The first and foremost difference between attitude and behavior is that or organization in association with themselves or their environment. Attitudes have a powerful influence on behavior. You can end the relationship and seek out a partner who is more financially In order to minimize the dissonance between your conflicting attitude and behavior, you either. Hypothesized that the relationship between verbally-expressed attitudes and overt behaviors is stronger (a) when the attitude concepts rated are specific rather.
As a consequence, the attitude will have a very strong influence upon a person's behavior. By contrast, an attitude will not be important to a person if it does not relate in any way to their life. The knowledge aspect of attitude strength covers how much a person knows about the attitude object. People are generally more knowledgeable about topics that interest them and are likely to hold strong attitudes positive or negative as a consequence. Attitudes based on direct experience are more strongly held and influence behavior more than attitudes formed indirectly for example, through hear-say, reading or watching television.
Difference Between Attitude and Behavior
The Function of Attitudes Attitudes can serve functions for the individual. Daniel Katz outlines four functional areas: Knowledge Attitudes provide meaning knowledge for life.
The knowledge function refers to our need for a world which is consistent and relatively stable. This allows us to predict what is likely to happen, and so gives us a sense of control. Attitudes can help us organize and structure our experience.
Difference Between Attitude and Behavior (with Comparison Chart) - Key Differences
For example, knowing that a person is religious we can predict they will go to Church. Self-expression of attitudes can be non-verbal too: Therefore, our attitudes are part of our identify, and help us to be aware through the expression of our feelings, beliefs and values.
For example, when people flatter their bosses or instructors and believe it or keep silent if they think an attitude is unpopular. Again, expression can be nonverbal [think politician kissing baby].
Attitudes and Behavior | Simply Psychology
Attitudes then, are to do with being apart of a social group and the adaptive functions helps us fit in with a social group. People seek out others who share their attitudes, and develop similar attitudes to those they like. Ego-defensive The ego-defensive function refers to holding attitudes that protect our self-esteem or that justify actions that make us feel guilty. For example, one way children might defend themselves against the feelings of humiliation they have experienced in P.
For those in need of psychological treatment, there are several treatment approaches that focus on changing attitudes in order to change behavior. Cognitive therapy and cognitive-behavior therapy are two of those techniques.
Cognitive therapy attempts to change irrational ways of thinking.
Attitudes and Behavior
Cognitive-behavioral therapy tries to correct the resulting inappropriate behavior. Changing attitudes to change behavior Attitude and behavior are woven into the fabric of daily life. Research has shown that individuals register an immediate and automatic reaction of "good" or "bad" towards everything they encounter in less than a second, even before they are aware of having formed an attitude. Advertising, political campaigns, and other persuasive media messages are all built on the premise that behavior follows attitude, and attitude can be influenced with the right message delivered in the right way.
The fields of social and behavioral psychology have researched the relationship between attitude and behavior extensively. The more psychologists can understand the relationship between attitude and behavior and the factors that influence both, the more effectively they can treat mental disorders, and contribute to the dialogue on important social problems such as racismgender biasand age discrimination.
The concept of "social marketing" combines cognitive-behavioral components of psychology with social science and commercial marketing techniques to encourage or discourage behaviors by changing the attitudes that cause them. It is also a key part of public health education initiatives, particularly in the case of preventive medicine. Campaigns promoting positive attitudes towards prenatal care, abstinence from drug use, smoking cessation, sunscreen use, organ donations, safe sex, cancer screening, and other healthcare initiatives are all examples of social marketing in action.

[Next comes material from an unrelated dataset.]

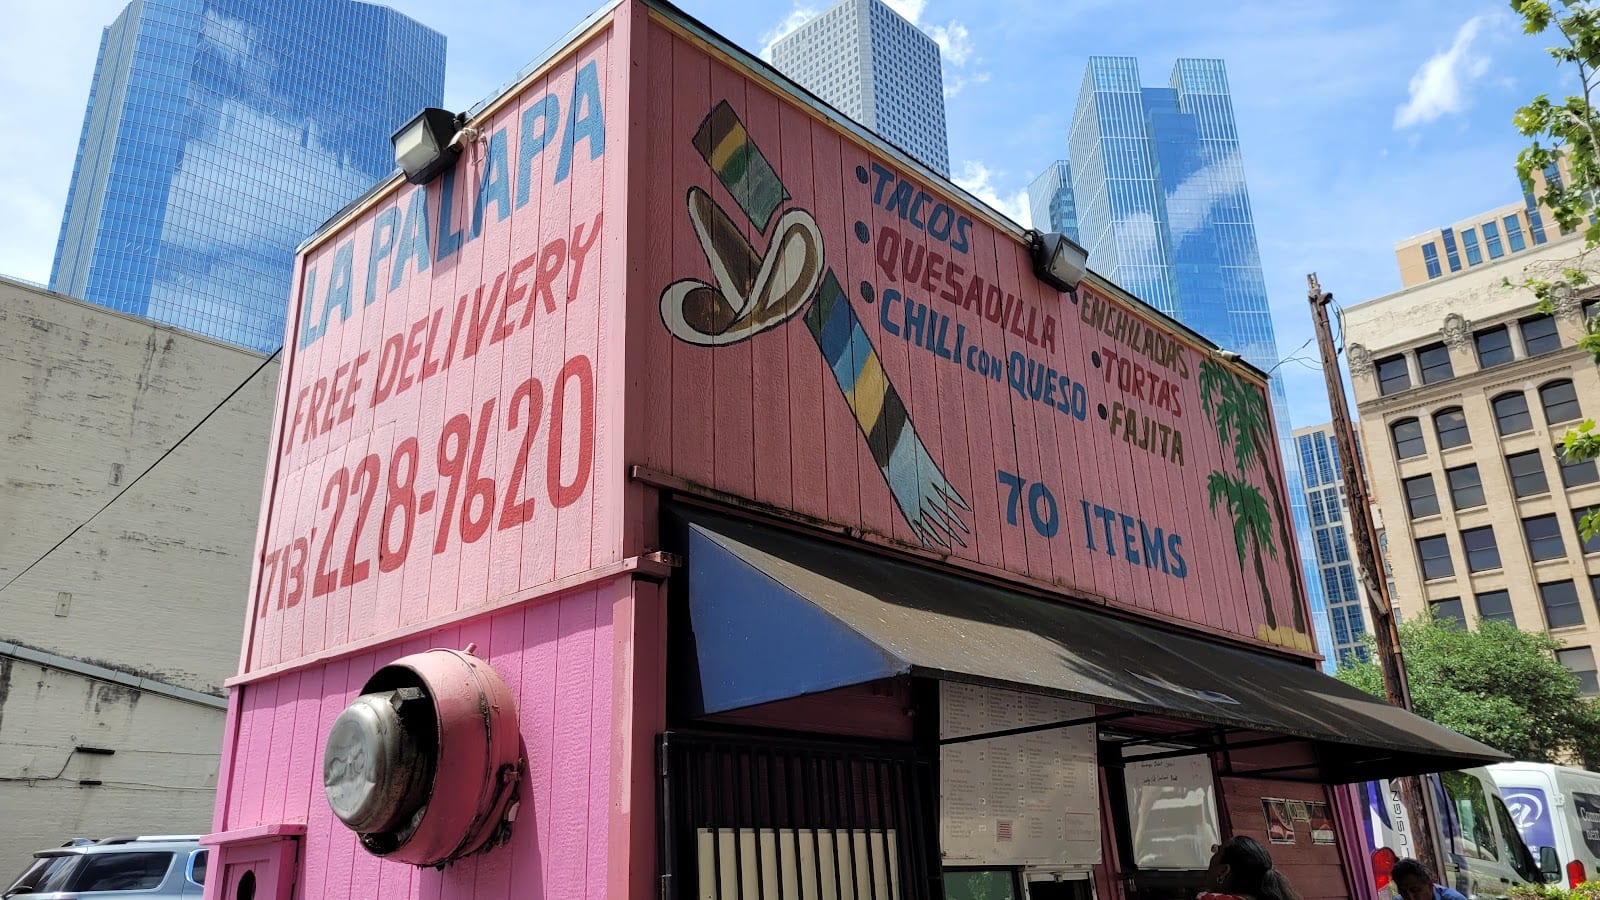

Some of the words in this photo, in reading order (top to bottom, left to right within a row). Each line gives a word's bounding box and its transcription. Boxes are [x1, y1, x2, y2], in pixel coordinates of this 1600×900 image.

In effect, social marketing is "selling" attitudes and beliefs and ideally influencing associated behavior. Changing behavior to influence attitudes Inclinical psychologist and educator George Kelly introduced his psychology of personal constructs. Kelly's constructs were based on the idea that each individual looks at the world through his or her own unique set of preconceived notions about it i.
These constructs change and adapt as the individual is exposed to new and different situations. At the heart of Kelly's theory is the idea that individuals can seek new experiences and practice and adapt new behaviors in order to change their attitudes or constructs towards the world. He recommended that therapists encourage their patients to try out new behaviors and coping strategies; he and others that followed frequently found that patients would adapt these useful new behavior patterns and subsequently change their attitudes.

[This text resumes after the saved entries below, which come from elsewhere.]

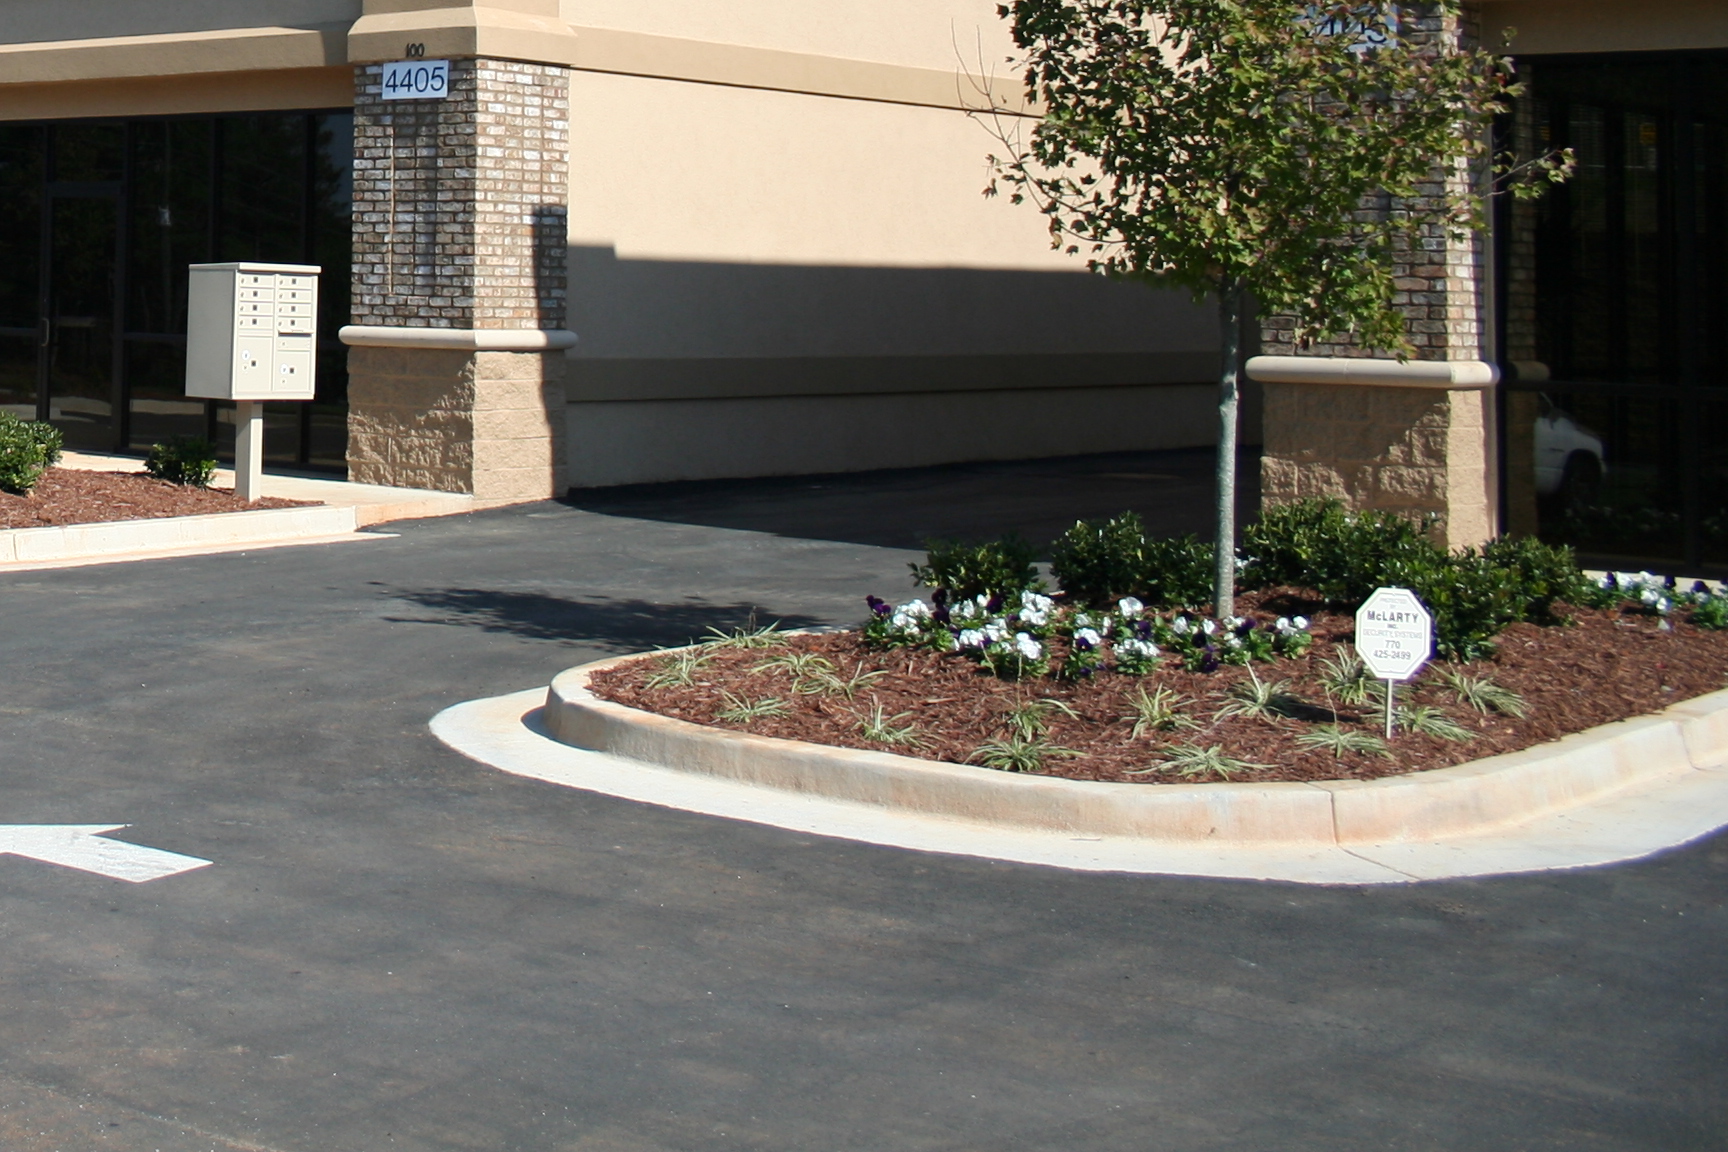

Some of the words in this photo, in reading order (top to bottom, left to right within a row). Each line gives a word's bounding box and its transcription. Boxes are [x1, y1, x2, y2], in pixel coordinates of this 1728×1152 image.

[405, 42, 425, 58] 100
[385, 67, 445, 93] 4405
[1367, 610, 1419, 623] McLARTY
[1385, 640, 1401, 649] 770
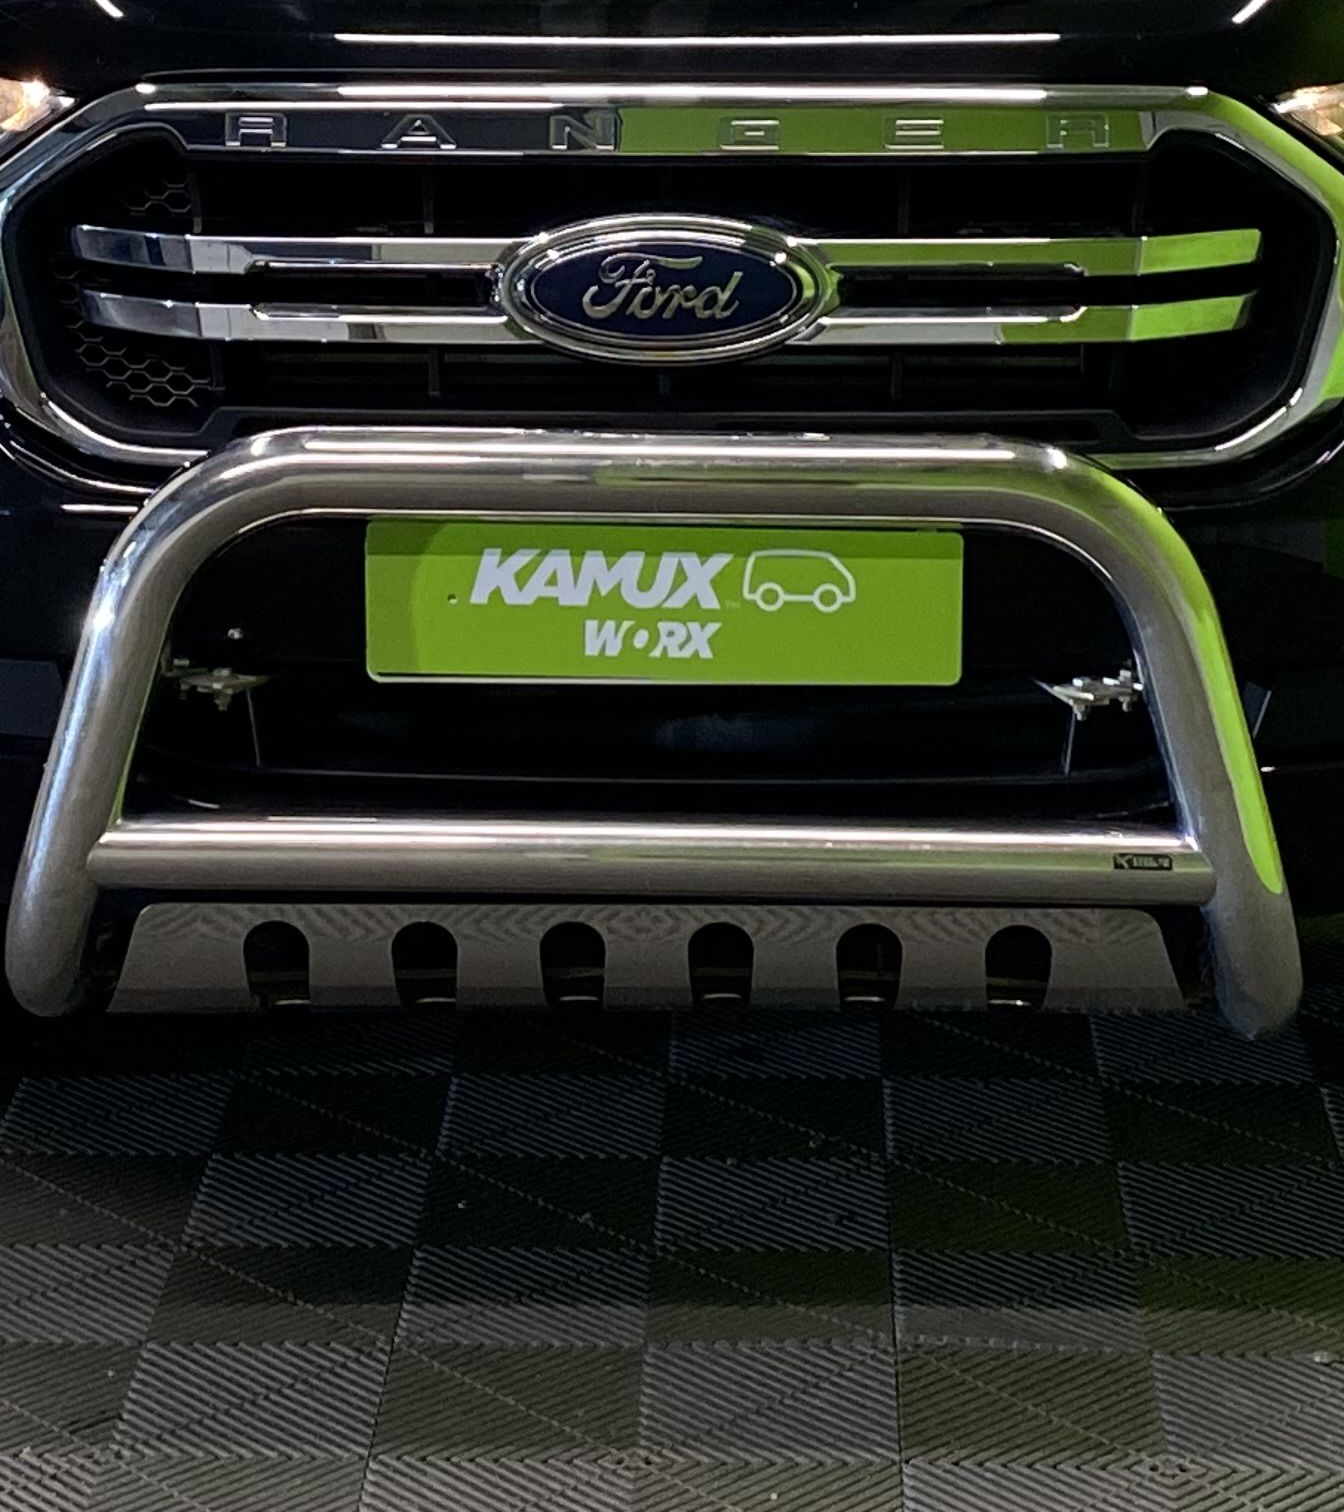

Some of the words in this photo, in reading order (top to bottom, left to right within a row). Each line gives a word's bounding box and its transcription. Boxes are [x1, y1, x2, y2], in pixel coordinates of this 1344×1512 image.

[224, 110, 1110, 151] RANGER
[582, 252, 743, 320] Ford
[469, 548, 733, 610] KAMUX

When behavior is inconsistent with attitude, it is sometimes a result of social or peer pressure. While adult behavior generally follows from held attitudes, for children, attitudes are often shaped by observed behavior.
From a very young age, children copy the actions of others and, to a degree, build their attitudes and beliefs from this learned behavior. As children grow into adolescencethe behavior of their peers can have a significant impact.
Sometimes this peer pressure factor can be used to an advantage.